The long-term goal of this project is to provide a better understanding of the physiological basis of the regulation of normal and abnormal spontaneous activity in cardiac cells. With the recent demonstration that depolarization induced automaticity can occur in cardiac tissue, advances in our study of normal and abnormal automatic activity will be provided by a detailed study of cardiac outward currents. Furthermore, multiple overlapping variables have made study of these currents in syncytial preparations difficult. Thus, we propose to study outward current carrying channels from the ventricular myocardium of both man and the dog at the level of unitary currents. We have chosen the single channel reconstitution technique over the patch clamp technique for these studies, because both sides of a reconstituted channel as well as the membrane environment itself are accessible to well-defined independent experimental manipulations, and this is ideally suited for pharmacologic studies. We specifically propose to prepare sarcolemmal vesicles and reconstitute single ionic channels into artificial lipid bilayer membranes and characterize each channel type in terms of its conduction process, and in terms of its gating process.
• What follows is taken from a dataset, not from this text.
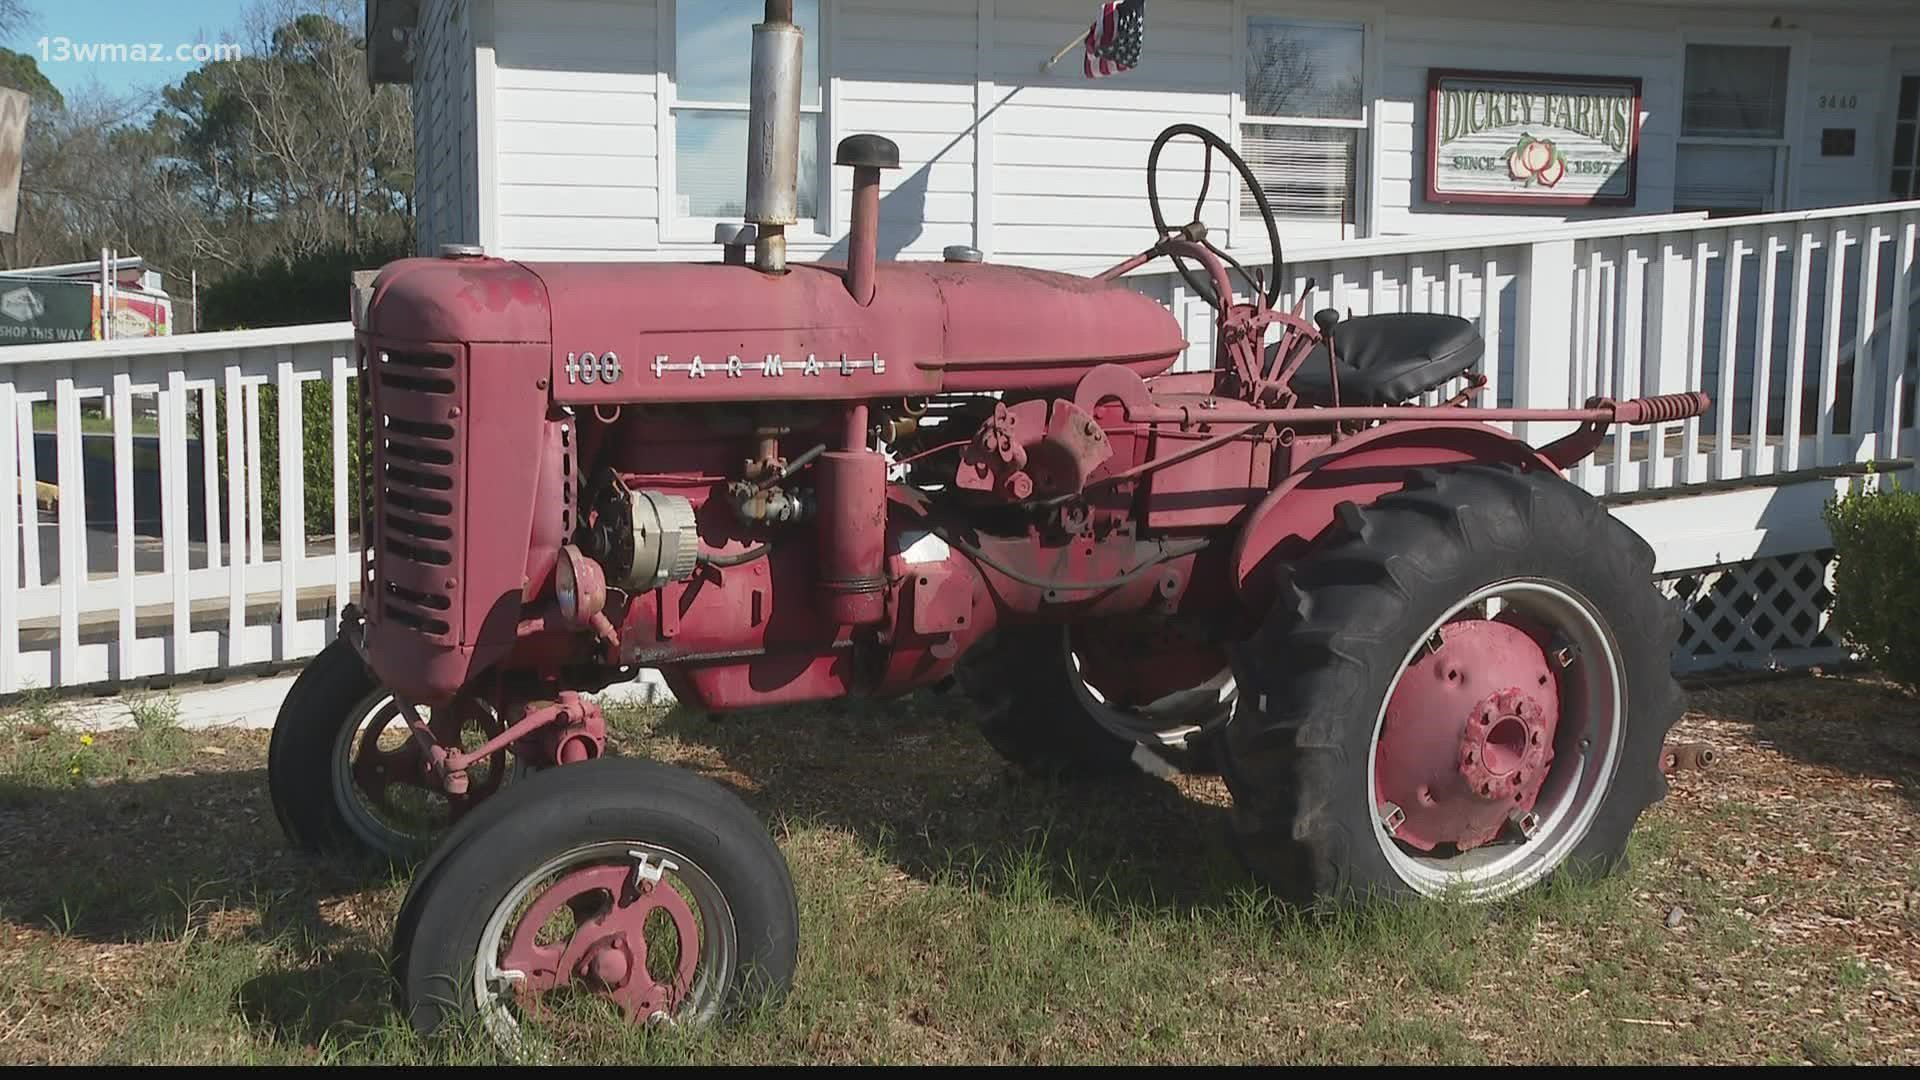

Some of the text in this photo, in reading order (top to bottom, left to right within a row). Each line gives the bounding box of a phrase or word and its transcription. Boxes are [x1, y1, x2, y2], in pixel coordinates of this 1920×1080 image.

The conduction process will be evaluated in terms of selectivity, concentration-dependence, temperature dependence, lipid charge effects, blocker ion effects and Eyring rate theory. The gating process will be evaluated in terms of thermodynamics and kinetics. In each of the above, we propose to examine the mechanism of ionic channel blockade for lidocaine, quinidine and flecainide. These studies provide a unique opportunity for studying the fundamental electrophysiological properties of single cardiac channels from the human heart. In addition, they will advance our understanding of the electrophysiology of canine and human cardiac tissue as well as place on firmer ground the basis of antiarrhythmic drug action in cardiac tissue.

National Institute of Health (NIH)
National Heart, Lung, and Blood Institute (NHLBI)
Method to Extend Research in Time (MERIT) Award (R37)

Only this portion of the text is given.